Background: Reducing the number of doses in the human papillomavirus (HPV) vaccination regimen from 3 to 2 could increase coverage rates. In this cohort study, we assessed the risk of genital warts (GWs) according to timing and number of doses of quadrivalent HPV vaccine.
Methods: From population-based registries, we identified all girls in Denmark born during 1985-1999, for whom information on HPV vaccinations was retrieved. The cohort was followed for GW occurrence during 2006-2012. Incidence rate ratios (IRRs) were calculated by Poisson regression to determine differences in GW rates by number of vaccine doses.
Results: Of the 550,690 girls in the cohort, 361 734 had been vaccinated. Of these, 25.9% had been vaccinated twice and 58.8% 3 times. The risk of GWs decreased significantly with each additional dose of vaccine. For girls who received 2 doses, extension of the interval between doses reduced the incidence of GWs. In comparison with a 2-month interval, the incidence of GWs was reduced by 45% (95% confidence interval [CI], 20%-62%), 55% (95% CI, 35%-69%), and 63% (95% CI, 44%-75%), with an interval of 4, 5, and 6 months, respectively. The IRR of 2 vs 3 doses was close to 1, with an interval of about 6 months between the first 2 doses.

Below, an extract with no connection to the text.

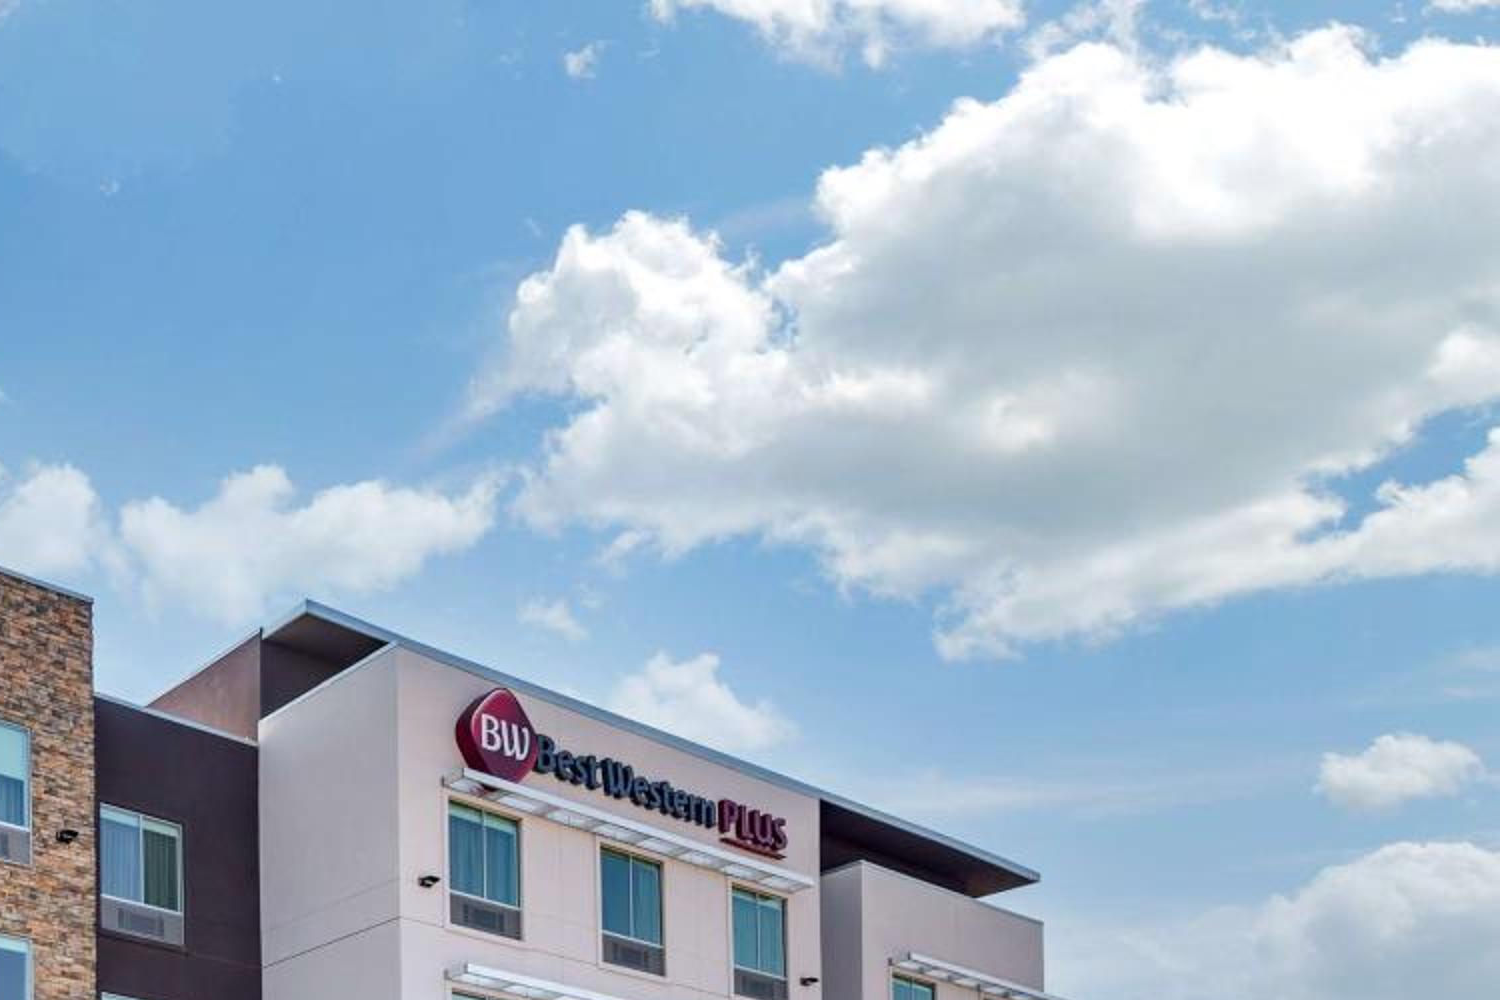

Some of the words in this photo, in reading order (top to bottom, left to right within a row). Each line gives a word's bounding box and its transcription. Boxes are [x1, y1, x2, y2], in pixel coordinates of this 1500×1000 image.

[481, 714, 530, 760] BW
[537, 734, 601, 790] Best
[602, 759, 717, 829] Western
[718, 799, 788, 851] PLUS

Conclusions: With the original vaccine schedule, completion of 3 doses seems to be required to obtain full protection against GWs. A 2-dose regimen may be as effective if the dosing interval is extended to around 6 months, although the long-term effectiveness of this regimen is unknown.
Keywords: condyloma acuminata; dose–response relationship; genital warts; human papillomavirus; vaccination.